Here’s Why Tests Matter The SAT is especially important. With grade inflation, report cards are basically meaningless. By James Piereson and Naomi Schaefer Riley

http://www.wsj.com/articles/heres-why-tests-matter-1459379670

Earlier this month, students for the first time took a new, and allegedly improved, SAT. The test’s developer included more-contemporary vocabulary and removed penalties for guessing the wrong answer. The changes came with a predictable outcry—complaints, for instance, that too many word problems in the math sections disadvantage some students. There was also a familiar refrain from parents: Why do we have this exam at all? Why do colleges put so much stock in the results? And why-oh-why do our kids have to take so many tests?

It might seem unfair that admissions officers place almost as much weight on a one-morning test as they do on grades from four years of high school, as a 2011 survey from the National Association for College Admissions Counseling showed. But there’s a simple reason for this emphasis on testing: Policy makers and educators have effectively eliminated all the other ways of quantifying student performance.

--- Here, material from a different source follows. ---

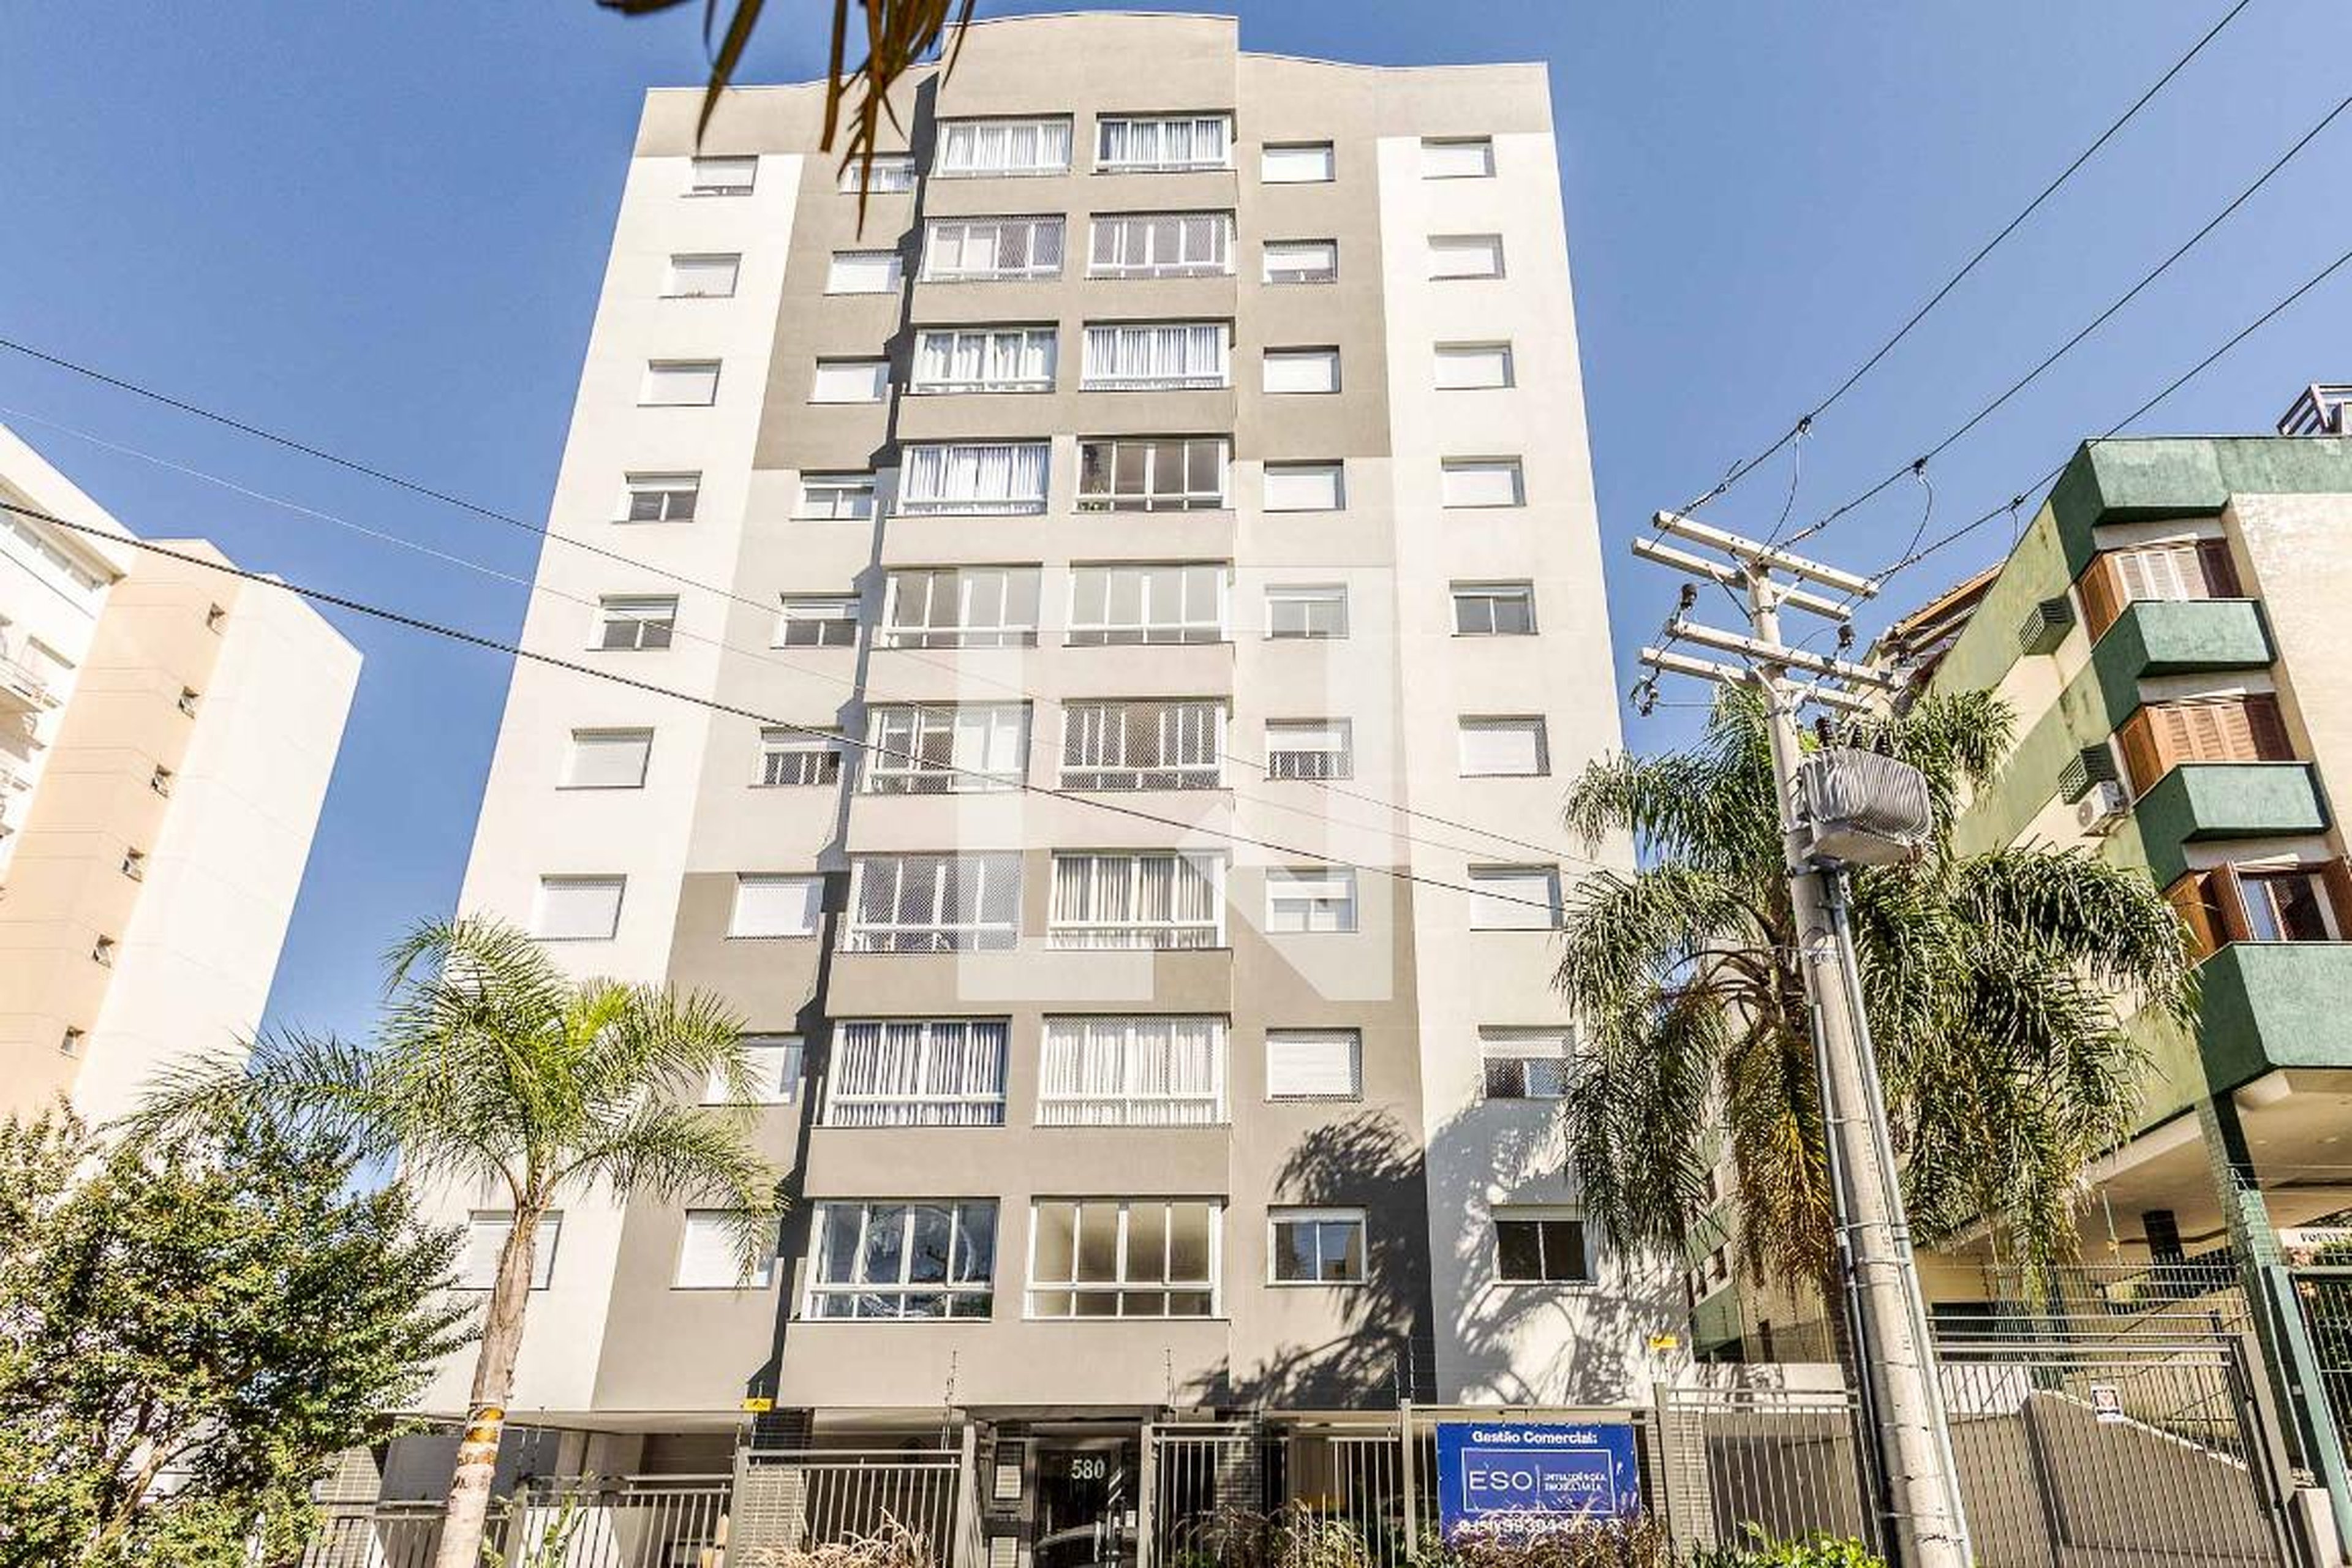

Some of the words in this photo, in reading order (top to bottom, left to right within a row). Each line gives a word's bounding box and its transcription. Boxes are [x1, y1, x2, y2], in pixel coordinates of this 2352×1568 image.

[1472, 1430, 1520, 1443] Gestão
[1071, 1459, 1105, 1479] 580
[1470, 1471, 1532, 1491] ESO
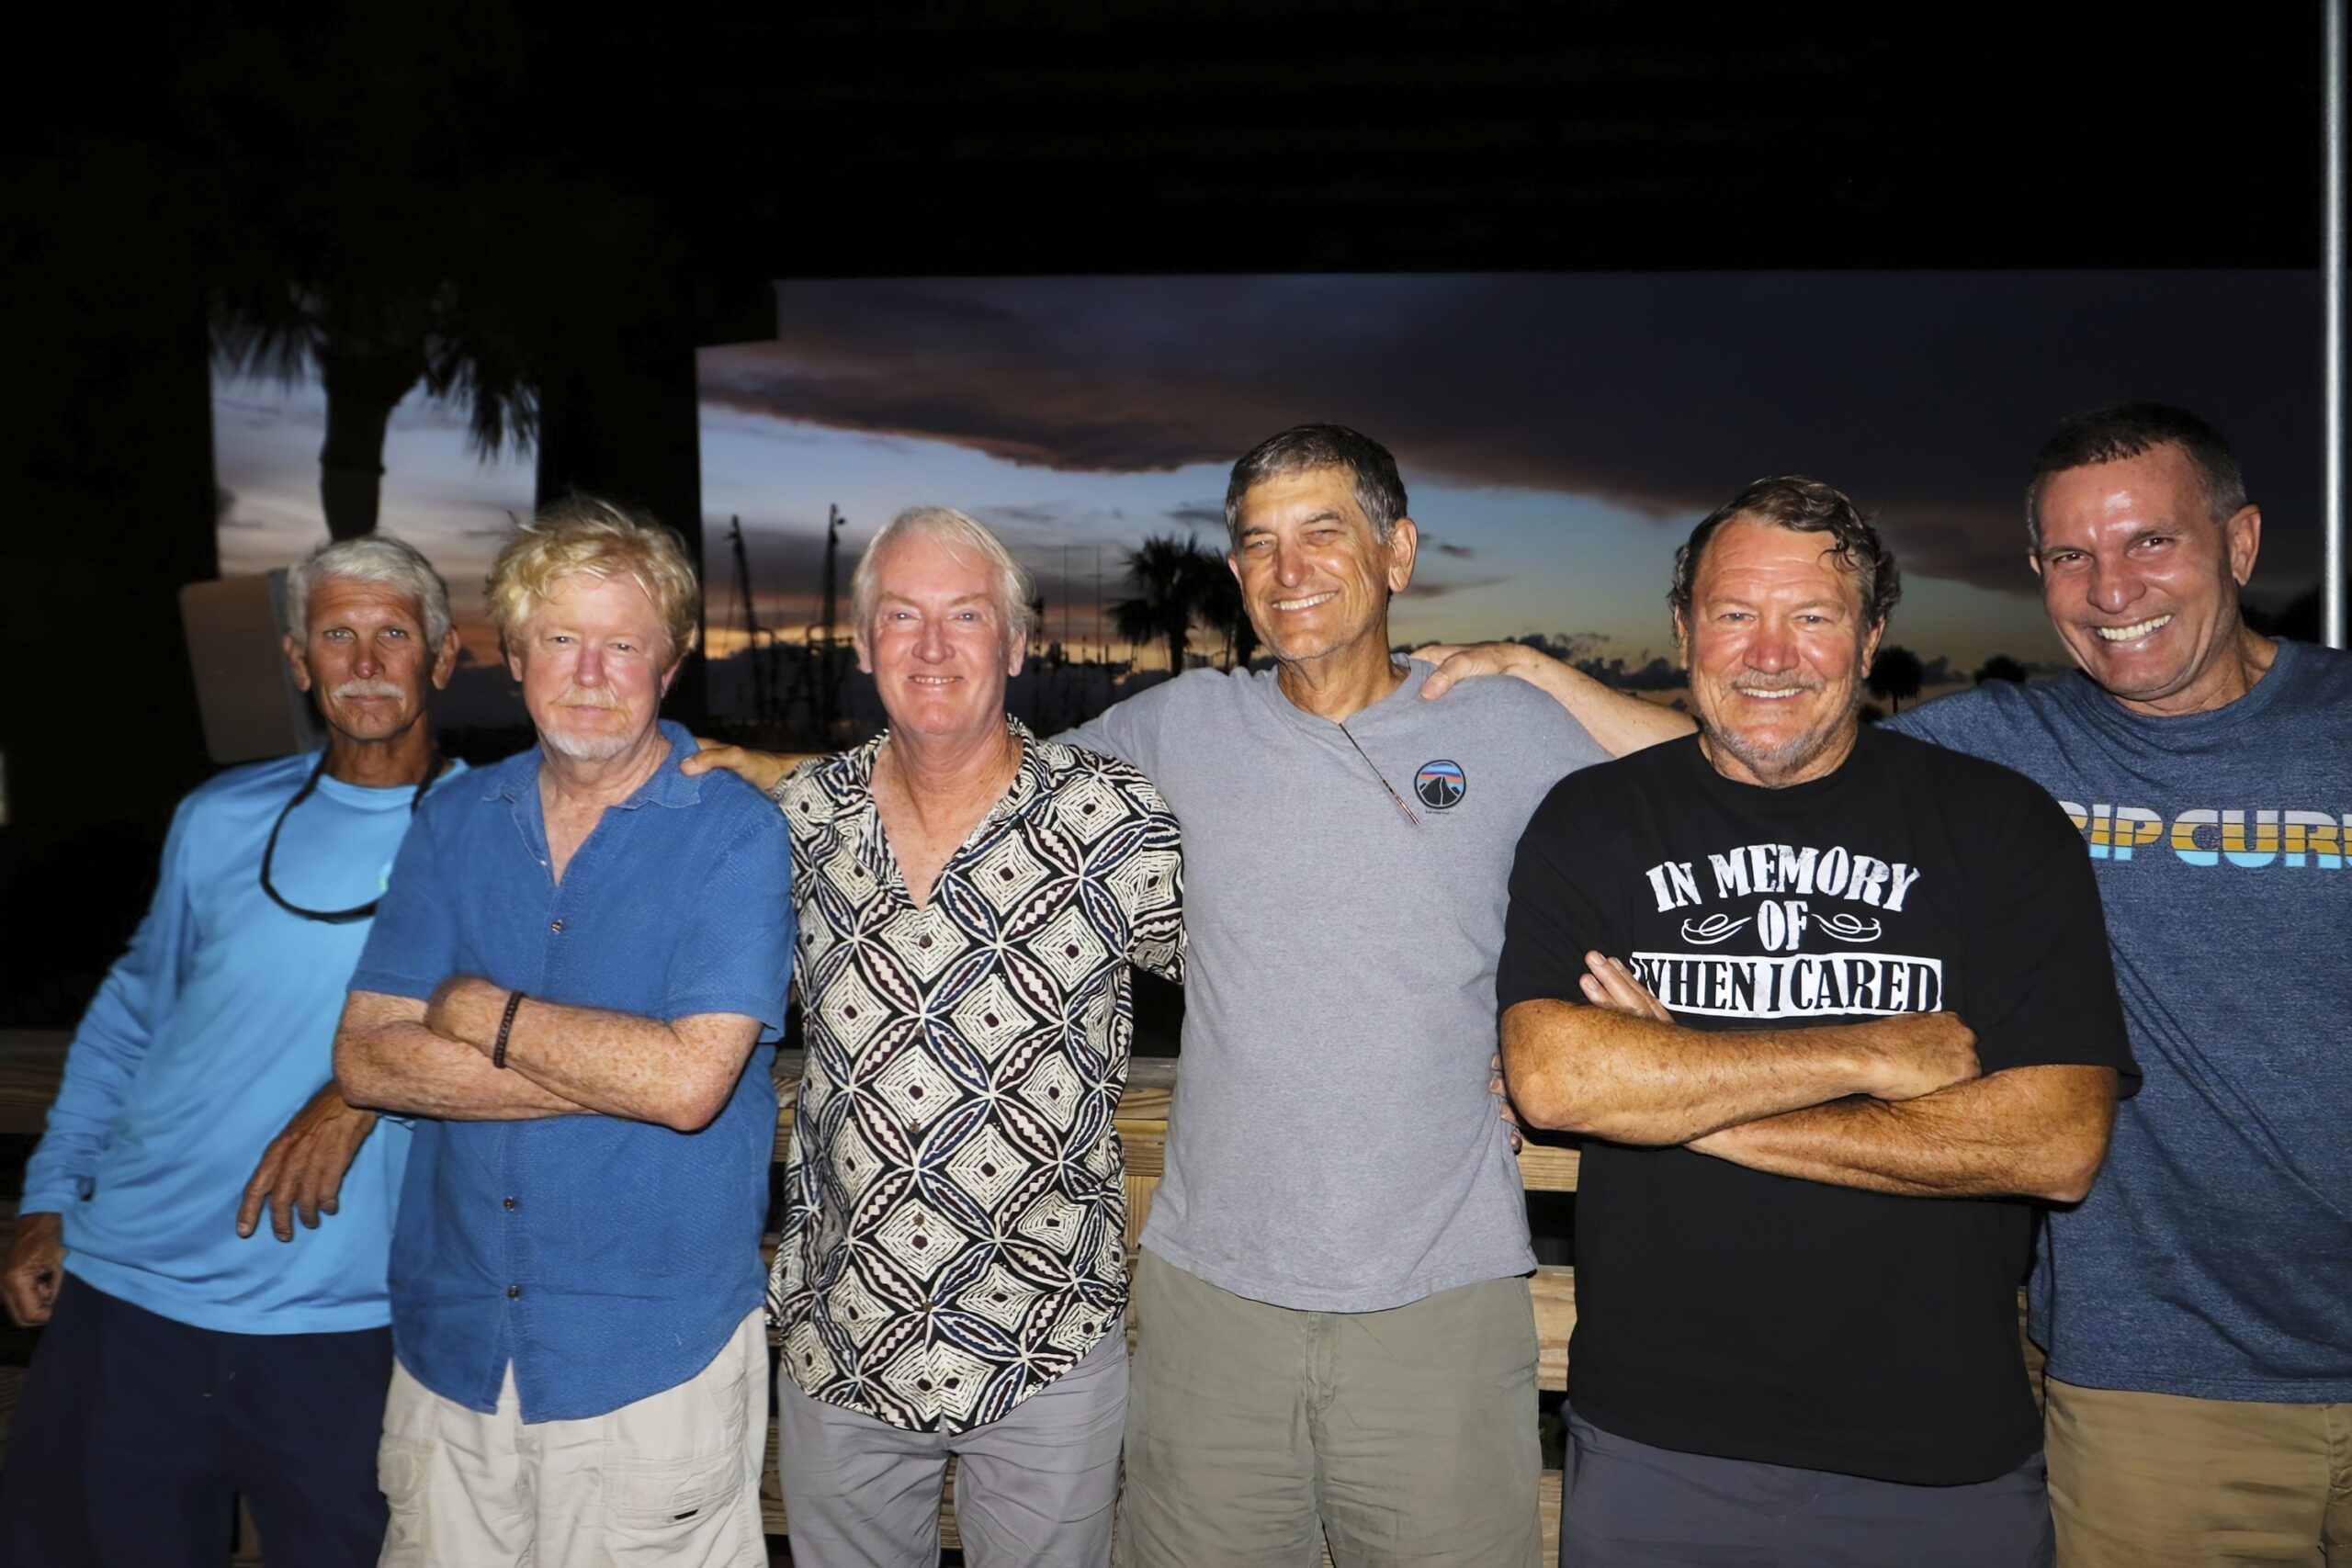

Classroom grades have become meaningless. Last year a public-school district in northern California decided to score on an “equal interval scale”—meaning every letter grade is assigned a 20-point range. Students who score above 80% get an A. Only those below 20% will be given an F. This is only part of a larger trend.

Figures from the Education Department show that between 1990 and 2009, high-school graduates’ mean GPA rose 0.33 points for women and 0.31 points for men—even while their ACT and SAT scores remained the same. Most of that increase occurred on the lower end of the spectrum, which isn’t surprising. Since high schools are often rewarded for increasing their graduation rates, teachers are fairly reluctant to give out D’s and F’s.

It is possible that beneficiaries of grade inflation are fooling their parents, but they’re probably not fooling their professors. Between 28% and 40% of college freshmen need at least one remedial class, according to research from the National Council of State Legislatures.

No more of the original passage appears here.